Если бы можно было остаться так навсегда: чистыми и грустными как двое сирот; но это невозможно, в жизни так не бывает. Жизнь – это огромная волна, которая должна обрушиться на Лулу и вырвать ее из объятий Анри. Твоя ладонь, твоя большая ладонь. Он гордился их величиной, он говорил, что у потомков древних фамилий всегда крупные конечности. «Он больше не возьмет меня за талию своими большими ладонями – мне было немного щекотно, но я была горда, потому что он мог почти сомкнуть пальцы. Это неправда, что он импотент, он просто чист, чист – и немного ленив». Она улыбнулась сквозь слезы и поцеловала его под подбородком.
– Что я скажу своим родителям? – сказал Анри. – Мою мать это убьет.
Нет, мадам Криспен не умерла бы, она торжествовала бы. «Они будут говорить обо мне за едой, все пятеро, с порицающим видом, как люди, которые знают много, но не хотят всего высказать из-за малышки, которой шестнадцать лет и которая слишком молода, чтобы при ней говорили о подобных вещах. Свекровь будет внутренне хохотать, потому что узнает все, она уже знает все, и она меня ненавидит. Какая грязь! И приличия против меня».

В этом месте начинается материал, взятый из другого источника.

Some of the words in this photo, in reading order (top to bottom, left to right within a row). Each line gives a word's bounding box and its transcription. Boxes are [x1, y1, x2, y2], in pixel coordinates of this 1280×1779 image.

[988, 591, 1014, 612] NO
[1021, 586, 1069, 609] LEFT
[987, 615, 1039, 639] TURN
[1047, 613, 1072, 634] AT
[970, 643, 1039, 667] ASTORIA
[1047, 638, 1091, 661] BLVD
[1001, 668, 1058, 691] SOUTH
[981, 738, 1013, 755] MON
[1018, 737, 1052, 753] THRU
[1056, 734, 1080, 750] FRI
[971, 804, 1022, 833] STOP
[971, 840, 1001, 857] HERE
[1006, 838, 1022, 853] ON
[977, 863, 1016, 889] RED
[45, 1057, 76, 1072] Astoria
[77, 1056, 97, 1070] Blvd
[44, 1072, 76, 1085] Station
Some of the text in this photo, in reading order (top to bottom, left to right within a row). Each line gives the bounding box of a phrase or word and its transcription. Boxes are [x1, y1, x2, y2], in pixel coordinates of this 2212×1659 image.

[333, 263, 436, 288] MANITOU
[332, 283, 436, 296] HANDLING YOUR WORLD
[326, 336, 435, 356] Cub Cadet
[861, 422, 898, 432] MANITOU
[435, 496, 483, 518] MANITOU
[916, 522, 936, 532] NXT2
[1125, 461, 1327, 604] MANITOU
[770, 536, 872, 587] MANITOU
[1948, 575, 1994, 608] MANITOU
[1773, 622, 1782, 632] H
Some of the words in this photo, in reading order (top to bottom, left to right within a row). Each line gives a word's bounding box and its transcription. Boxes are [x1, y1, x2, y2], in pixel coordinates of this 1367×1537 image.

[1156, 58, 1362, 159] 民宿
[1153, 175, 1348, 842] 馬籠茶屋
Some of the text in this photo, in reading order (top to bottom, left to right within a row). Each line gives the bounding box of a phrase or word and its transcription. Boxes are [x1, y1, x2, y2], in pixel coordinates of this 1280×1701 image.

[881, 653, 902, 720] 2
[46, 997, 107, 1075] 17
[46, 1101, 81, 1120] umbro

– Не говори им сразу, – умоляла она, – скажи, что я в Ницце из-за здоровья.
– Они мне не поверят.
Она покрыла его лицо быстрыми короткими поцелуями.
– Анри, ты был со мной недостаточно обходителен.
– Это правда, – сказал Анри, – я был с тобой недостаточно обходителен. Но ты тоже, – сказал он раздумчиво, – ты тоже.